We can also use our knowledge of AI and its deployment in medicine to think proactively about regulation. For example, one of the most exciting things about AI is that it’s often adaptive — it changes its performance as it learns more about patients or settings. That’s a challenge for regulators, because most medicines don’t change their behavior over time.
But we can think about smart regulation. For instance, we could require that the first derivative of change — being technical now — is positive. In plain English, that means if an AI system is deployed for diagnosis, its adaptive changes must improve accuracy, not reduce it. That might sound like common sense, but thinking in terms of derivatives is something engineers and mathematicians at Tsinghua Medicine might naturally do — not regulators.
If we use our educational expertise to anticipate these challenges, we can help legal and regulatory professionals understand them before they arise. That’s a really effective way to accelerate progress. Ultimately, if we want to move as fast, as safely, and as broadly as possible — in a way that benefits patients — we need to make all these pieces work in harmony.
Q5: As a neuroscientist, you’ve witnessed how AI and brain science converge. How does this intersection inspire the future of medical education?
Geraint Rees: As a neuroscientist, it’s fascinating to see how AI is evolving. I’ll give you three answers.
First, there’s a lot of interplay between the two fields. Computer scientists — not just people like Demis Hassabis, but across the world — are now thinking about how the brain works and about cognitive architecture as a guide for designing advanced AI systems. Neurologically inspired AI systems are definitely becoming a thing.
Second, in medicine, one might be a little disappointed that we aren’t yet seeing as much of that flow through to medical AI applications. For example, in medical imaging — which I know well — many systems are based on pattern recognition. They perform extremely well at identifying mammograms or brain scans, but are they neurologically inspired? Not really. That gives me optimism, though, because it shows how much potential remains for future progress.
Finally, there’s the question of how different disciplines think about problems. I’ve spent much of my professional life studying human consciousness — trying to understand the neural mechanisms that underlie our thought processes and our subjective experience of the world. Now, we see a generation of computer scientists who’ve built large language models and are asking: Is my model conscious?
It’s a little amusing to see that field, in a way, reinventing my own — cognitive psychology — which has been asking those questions for over a century. It shows that disciplines still have much to learn from one another in how they understand the world.
Universities like Tsinghua Medicine and UCL can help by encouraging people to cross disciplinary boundaries, to be curious about something outside their specialty, and to learn from others.
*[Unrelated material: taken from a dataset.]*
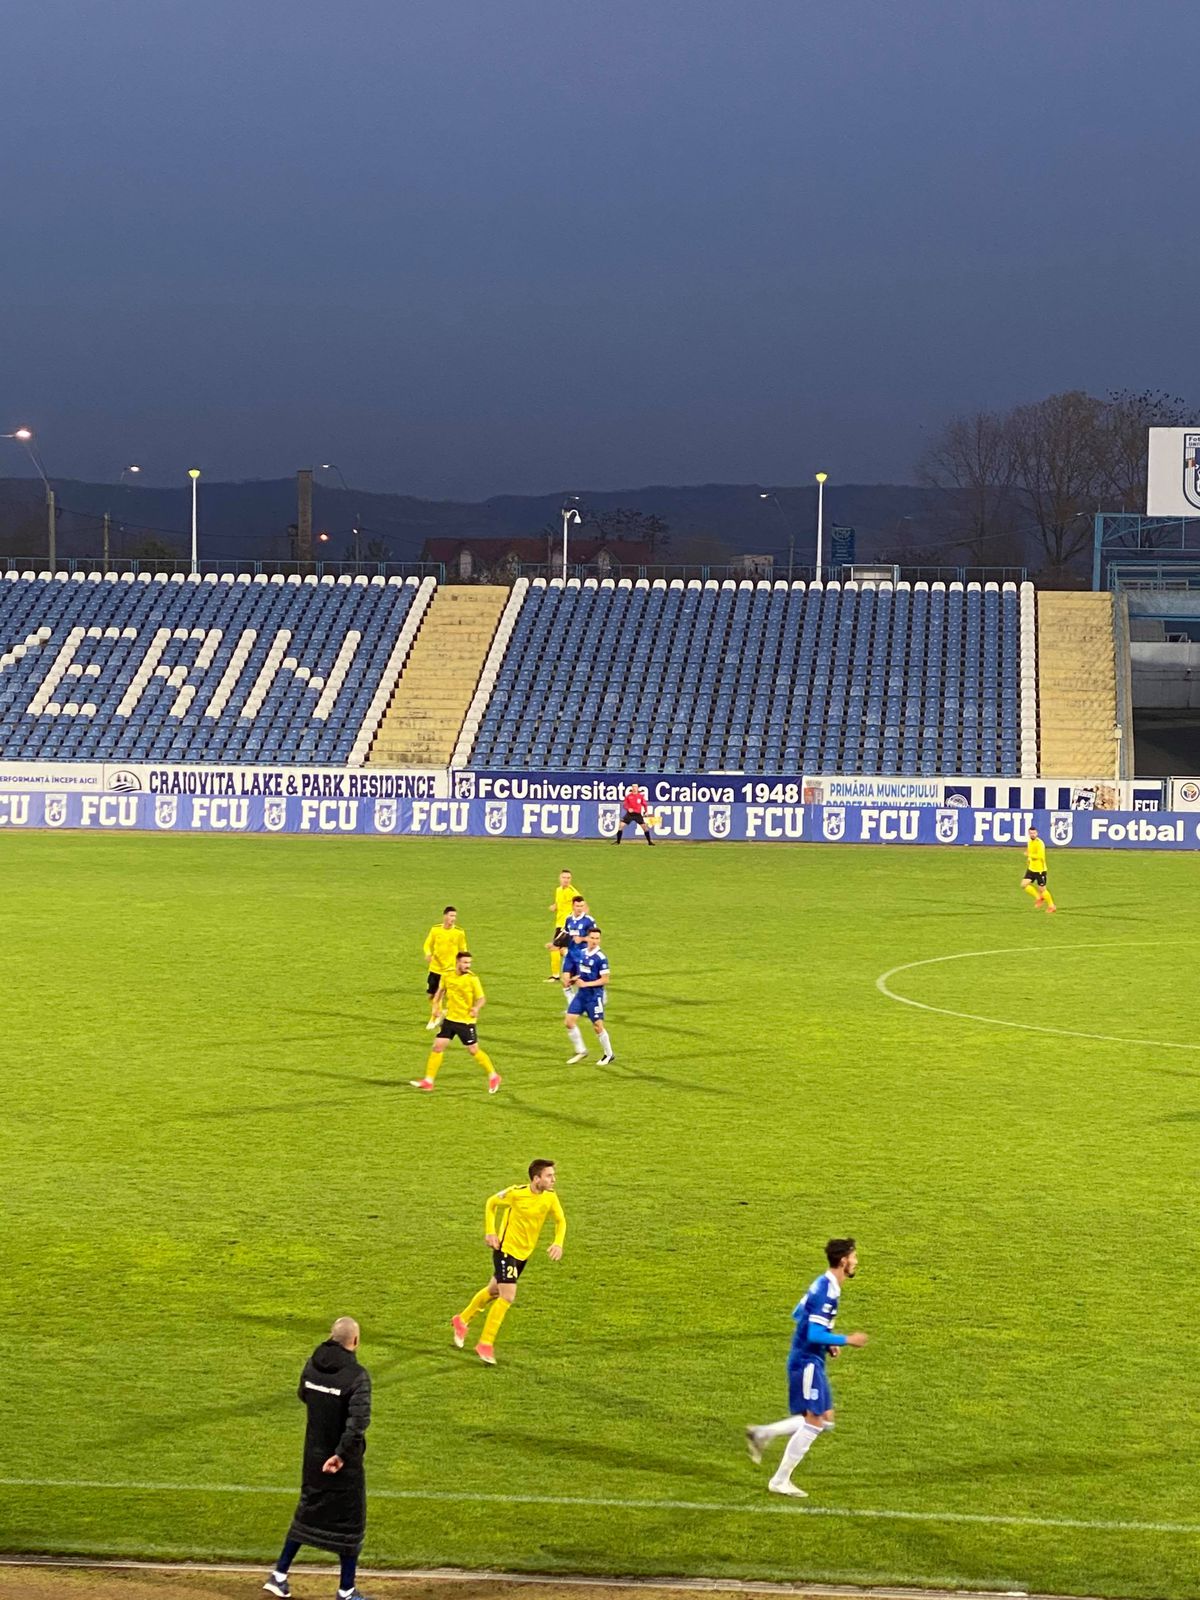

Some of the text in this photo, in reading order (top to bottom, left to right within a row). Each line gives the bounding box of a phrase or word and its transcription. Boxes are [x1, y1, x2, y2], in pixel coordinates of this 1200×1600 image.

As university leaders, we can create programs and opportunities for people to study beyond their fields — and that will be crucial for the future of AI.
One area we haven’t talked much about yet is the humanities and the social sciences. Science and engineering can help us treat patients better and live more fully — but the humanities ultimately teach us what it means to live a good life, to find happiness and satisfaction. As we develop AI and AI in medicine, there’s much to learn from the humanities and social sciences — from what they bring and what they can infuse into our understanding of technology and humanity.